▸ Exercise brief
If a record holds a picture, drop the picture and copy everything else exactly.

▸ Available data
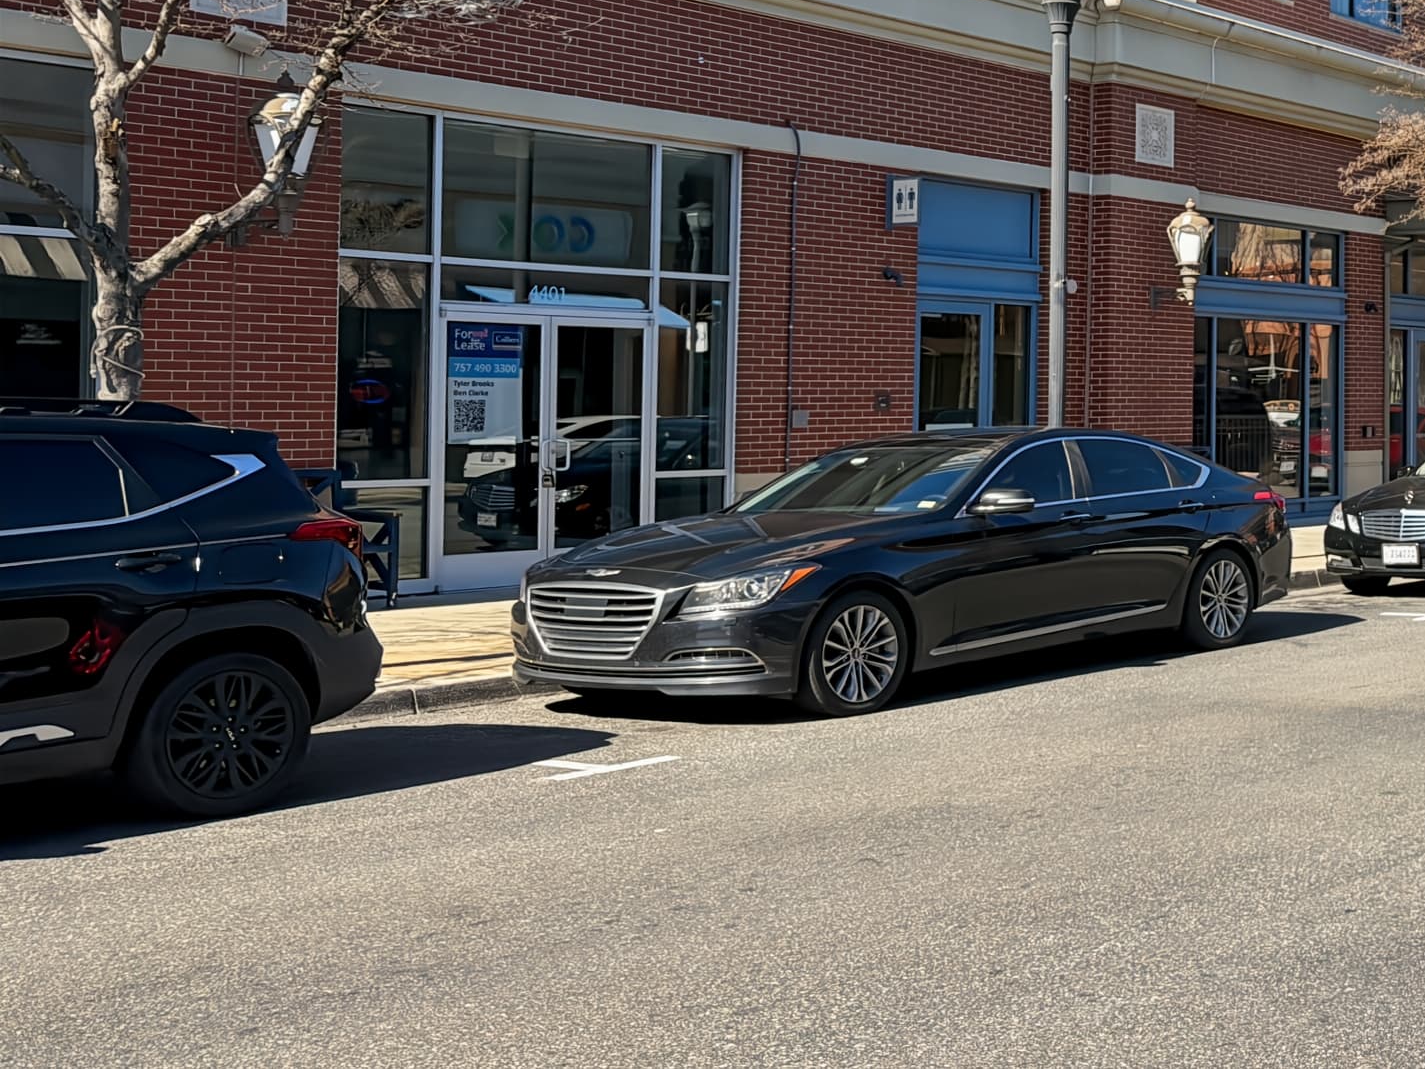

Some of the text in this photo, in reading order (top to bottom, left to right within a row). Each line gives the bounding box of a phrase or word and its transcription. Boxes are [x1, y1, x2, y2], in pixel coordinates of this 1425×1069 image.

[528, 284, 566, 301] 4401
[454, 328, 472, 339] For
[454, 339, 486, 351] Lease
[454, 362, 517, 373] 757 490 3300
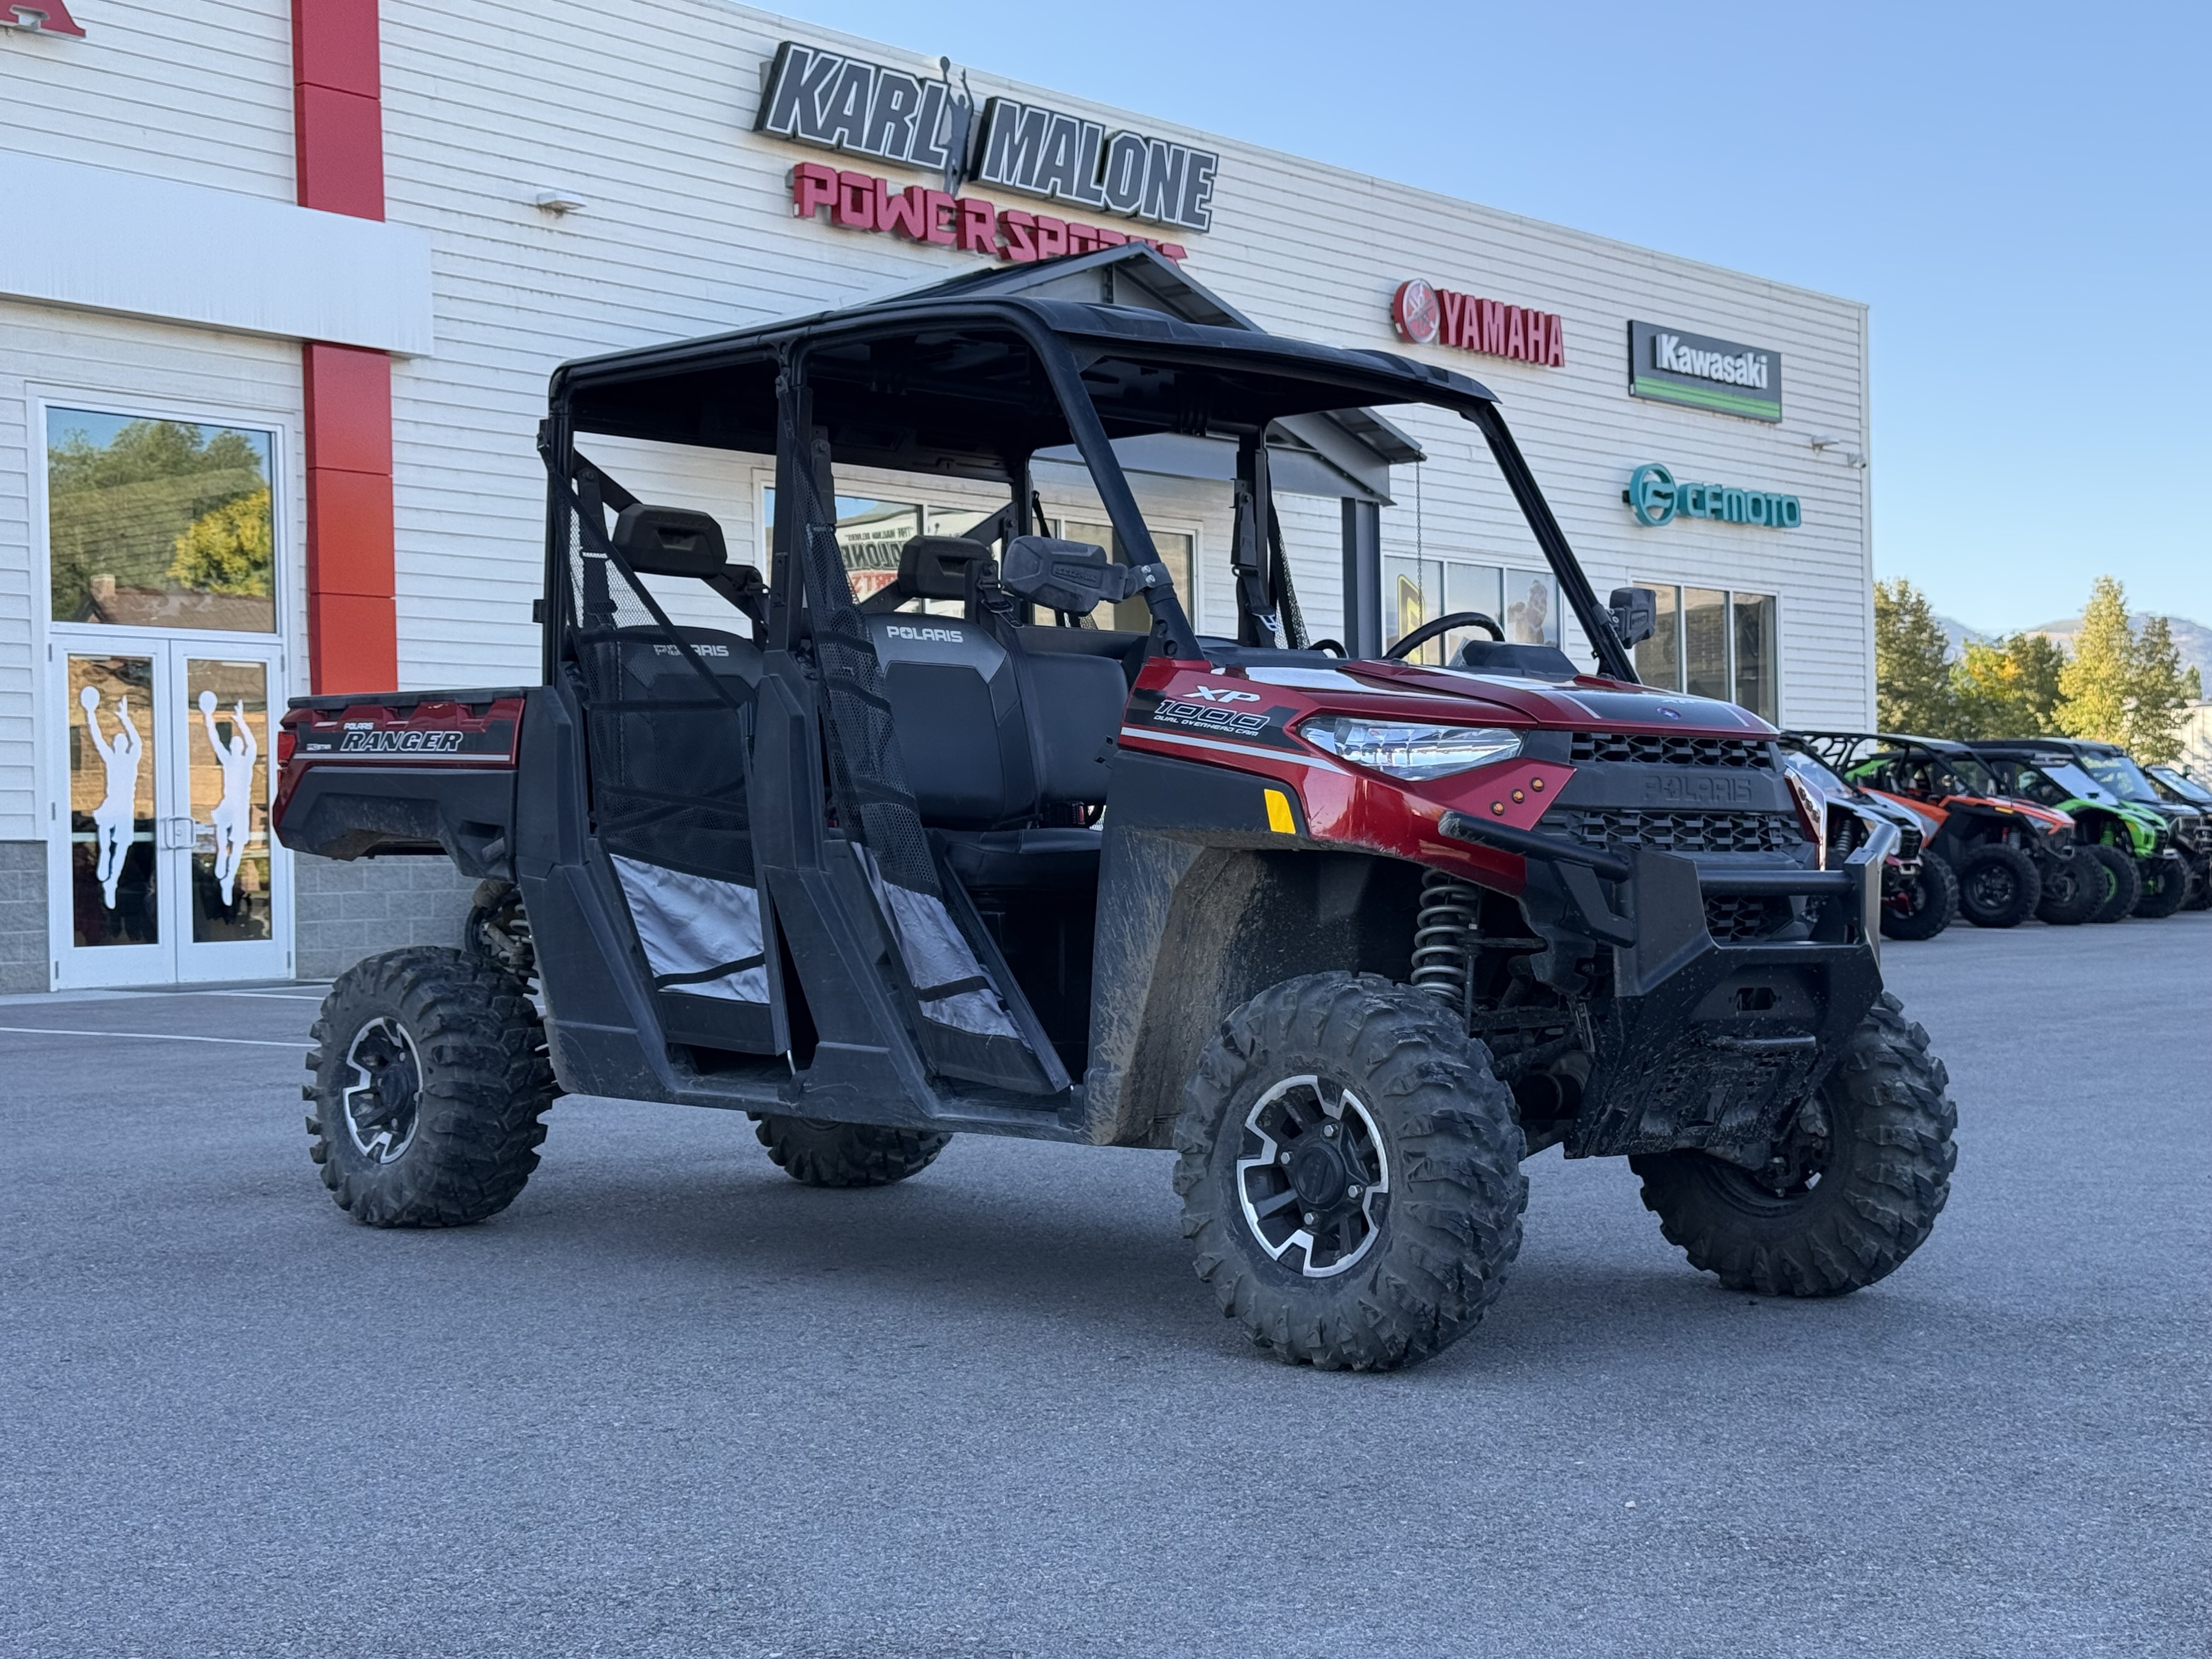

▸ Expected answer
Some of the text in this photo, in reading order (top to bottom, left to right within a row). Each line gives the bounding box of a phrase or word and its transcription. Boxes are [x1, y1, x2, y2], in pixel coordinates of this 1425×1069 image.

[528, 284, 566, 301] 4401
[454, 328, 472, 339] For
[454, 339, 486, 351] Lease
[454, 362, 517, 373] 757 490 3300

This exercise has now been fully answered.